## Exercise description
Return every entry exactly as written, with the pictures removed.
━━ Excerpted records ━━
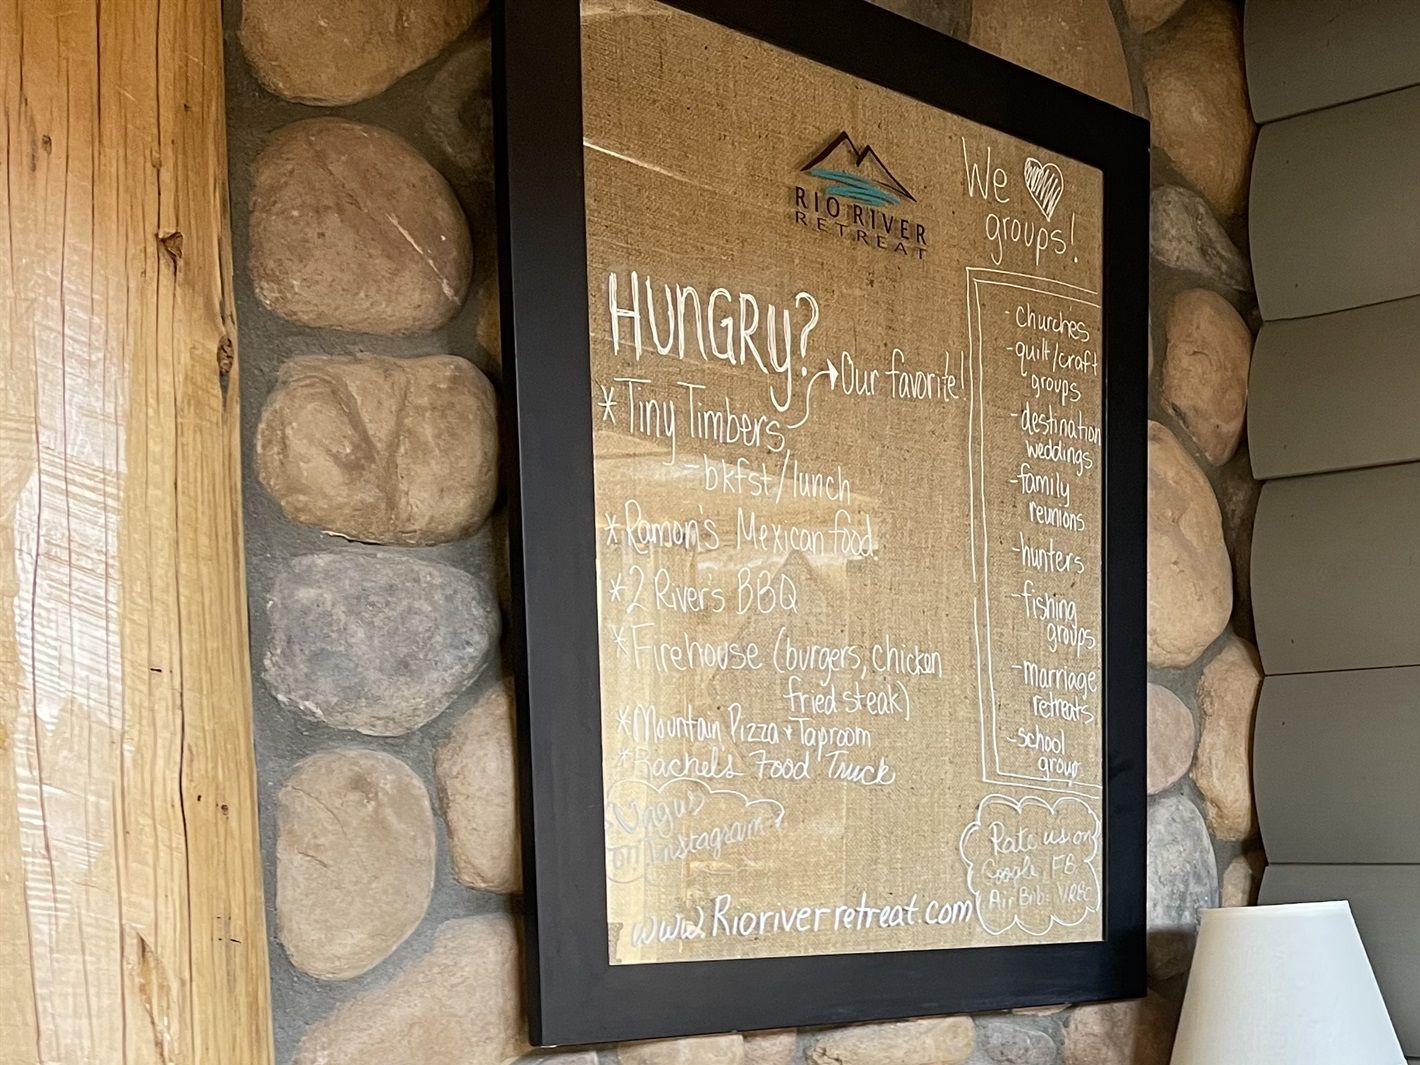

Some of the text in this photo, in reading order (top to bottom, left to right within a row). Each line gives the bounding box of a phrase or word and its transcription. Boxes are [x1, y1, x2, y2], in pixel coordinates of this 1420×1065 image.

[961, 136, 1010, 204] We
[795, 186, 927, 246] RIO RIVER
[795, 211, 927, 260] RETREAT
[985, 212, 1079, 266] groups!
[841, 349, 967, 402] Our favorite!
[1015, 337, 1099, 378] quilt/craft
[1031, 374, 1082, 407] groups
[613, 377, 786, 466] Tiny Timbers
[1021, 401, 1102, 447] destination
[1025, 439, 1093, 479] weddings
[1017, 463, 1070, 507] family
[624, 498, 720, 556] Ramon's
[736, 506, 825, 557] Mexican
[1028, 500, 1086, 532] reunions
[1019, 531, 1086, 574] hunters
[626, 564, 649, 615] 2
[736, 567, 799, 615] BBQ
[1020, 580, 1079, 626] fishing
[631, 622, 943, 688] Firehouse (burgers, chicken
[1046, 621, 1097, 659] groups
[783, 675, 911, 722] fried steak)
[1032, 691, 1096, 725] retreats
[633, 703, 721, 744] Mountain
[727, 702, 779, 745] Pizza
[788, 716, 872, 762] Taproom
[749, 749, 812, 781] Food
[825, 750, 897, 786] Truck
[988, 821, 1038, 856] Rate
[1043, 828, 1070, 845] us
━━━
## Output for this exercise
Some of the text in this photo, in reading order (top to bottom, left to right within a row). Each line gives the bounding box of a phrase or word and its transcription. Boxes are [x1, y1, x2, y2], in pixel coordinates of this 1420×1065 image.

[961, 136, 1010, 204] We
[795, 186, 927, 246] RIO RIVER
[795, 211, 927, 260] RETREAT
[985, 212, 1079, 266] groups!
[841, 349, 967, 402] Our favorite!
[1015, 337, 1099, 378] quilt/craft
[1031, 374, 1082, 407] groups
[613, 377, 786, 466] Tiny Timbers
[1021, 401, 1102, 447] destination
[1025, 439, 1093, 479] weddings
[1017, 463, 1070, 507] family
[624, 498, 720, 556] Ramon's
[736, 506, 825, 557] Mexican
[1028, 500, 1086, 532] reunions
[1019, 531, 1086, 574] hunters
[626, 564, 649, 615] 2
[736, 567, 799, 615] BBQ
[1020, 580, 1079, 626] fishing
[631, 622, 943, 688] Firehouse (burgers, chicken
[1046, 621, 1097, 659] groups
[783, 675, 911, 722] fried steak)
[1032, 691, 1096, 725] retreats
[633, 703, 721, 744] Mountain
[727, 702, 779, 745] Pizza
[788, 716, 872, 762] Taproom
[749, 749, 812, 781] Food
[825, 750, 897, 786] Truck
[988, 821, 1038, 856] Rate
[1043, 828, 1070, 845] us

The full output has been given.